:: Recorded information ::

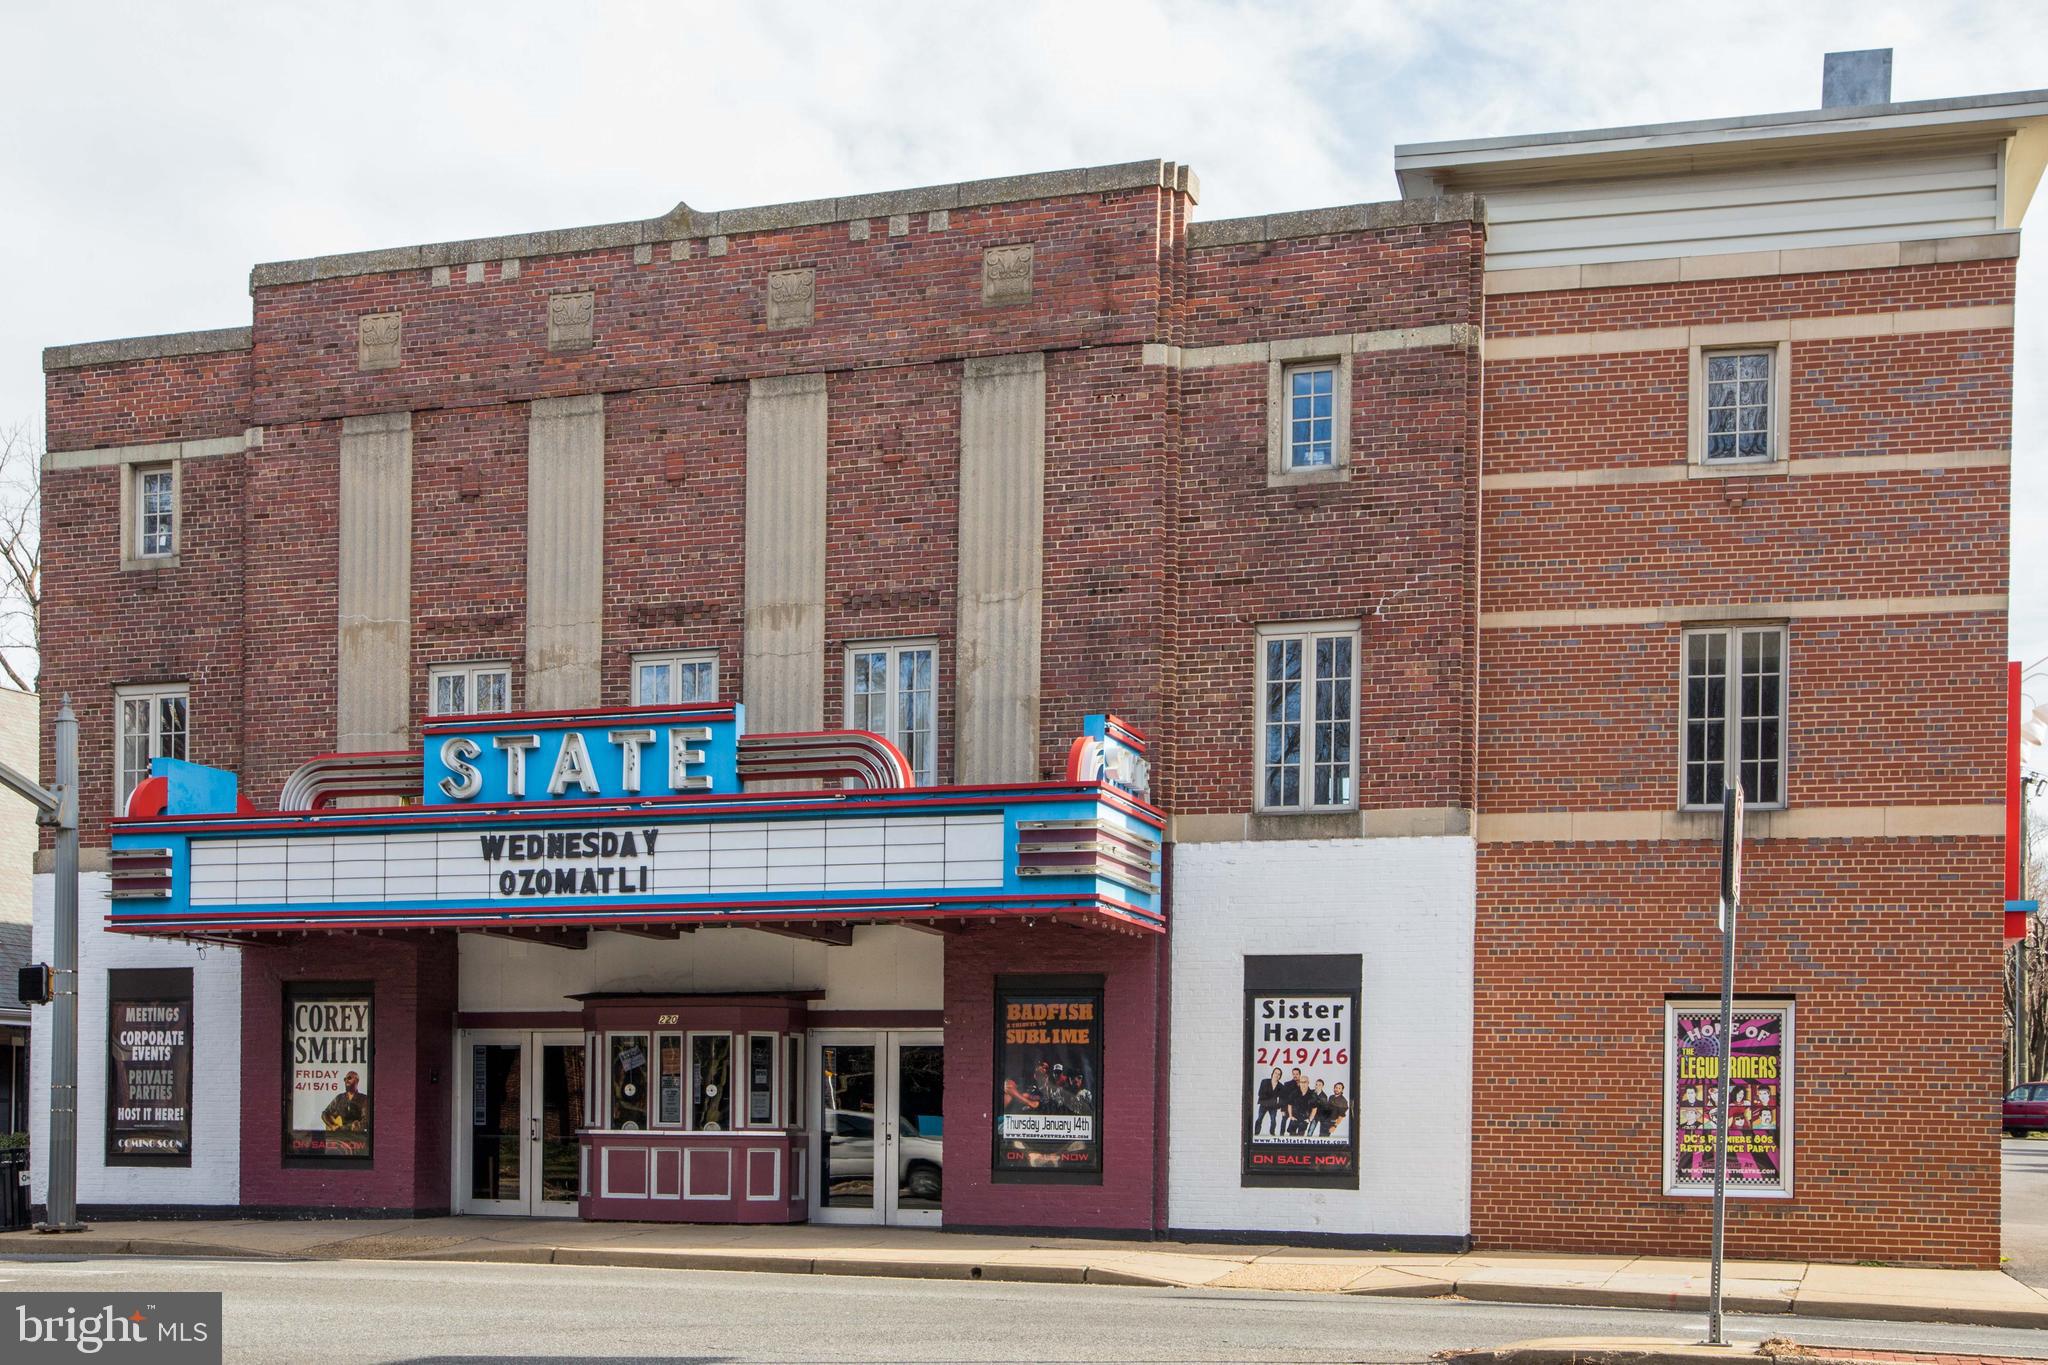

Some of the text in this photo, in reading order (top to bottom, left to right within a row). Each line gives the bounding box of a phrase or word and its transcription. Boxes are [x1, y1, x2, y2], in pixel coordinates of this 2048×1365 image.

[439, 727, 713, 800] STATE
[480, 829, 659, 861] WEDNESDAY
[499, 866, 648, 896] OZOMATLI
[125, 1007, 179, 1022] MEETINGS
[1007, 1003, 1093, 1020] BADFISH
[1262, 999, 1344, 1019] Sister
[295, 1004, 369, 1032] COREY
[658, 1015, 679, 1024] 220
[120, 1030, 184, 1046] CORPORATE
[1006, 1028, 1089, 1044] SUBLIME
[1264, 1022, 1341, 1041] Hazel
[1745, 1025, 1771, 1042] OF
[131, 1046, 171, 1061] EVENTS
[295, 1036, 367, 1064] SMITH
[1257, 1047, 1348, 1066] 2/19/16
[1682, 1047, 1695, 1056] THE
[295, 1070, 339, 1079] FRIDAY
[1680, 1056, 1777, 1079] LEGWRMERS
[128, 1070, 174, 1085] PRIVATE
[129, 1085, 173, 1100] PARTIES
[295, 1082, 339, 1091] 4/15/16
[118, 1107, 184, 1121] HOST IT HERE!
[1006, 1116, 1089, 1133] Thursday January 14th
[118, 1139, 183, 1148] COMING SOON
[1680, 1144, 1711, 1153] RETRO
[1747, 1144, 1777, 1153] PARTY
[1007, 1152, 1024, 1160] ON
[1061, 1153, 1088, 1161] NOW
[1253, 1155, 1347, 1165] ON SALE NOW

:::

◆ What to produce
Give back the material above exactly as it appears, minus any picture.

◆ Solution for this task
Some of the text in this photo, in reading order (top to bottom, left to right within a row). Each line gives the bounding box of a phrase or word and its transcription. Boxes are [x1, y1, x2, y2], in pixel coordinates of this 2048×1365 image.

[439, 727, 713, 800] STATE
[480, 829, 659, 861] WEDNESDAY
[499, 866, 648, 896] OZOMATLI
[125, 1007, 179, 1022] MEETINGS
[1007, 1003, 1093, 1020] BADFISH
[1262, 999, 1344, 1019] Sister
[295, 1004, 369, 1032] COREY
[658, 1015, 679, 1024] 220
[120, 1030, 184, 1046] CORPORATE
[1006, 1028, 1089, 1044] SUBLIME
[1264, 1022, 1341, 1041] Hazel
[1745, 1025, 1771, 1042] OF
[131, 1046, 171, 1061] EVENTS
[295, 1036, 367, 1064] SMITH
[1257, 1047, 1348, 1066] 2/19/16
[1682, 1047, 1695, 1056] THE
[295, 1070, 339, 1079] FRIDAY
[1680, 1056, 1777, 1079] LEGWRMERS
[128, 1070, 174, 1085] PRIVATE
[129, 1085, 173, 1100] PARTIES
[295, 1082, 339, 1091] 4/15/16
[118, 1107, 184, 1121] HOST IT HERE!
[1006, 1116, 1089, 1133] Thursday January 14th
[118, 1139, 183, 1148] COMING SOON
[1680, 1144, 1711, 1153] RETRO
[1747, 1144, 1777, 1153] PARTY
[1007, 1152, 1024, 1160] ON
[1061, 1153, 1088, 1161] NOW
[1253, 1155, 1347, 1165] ON SALE NOW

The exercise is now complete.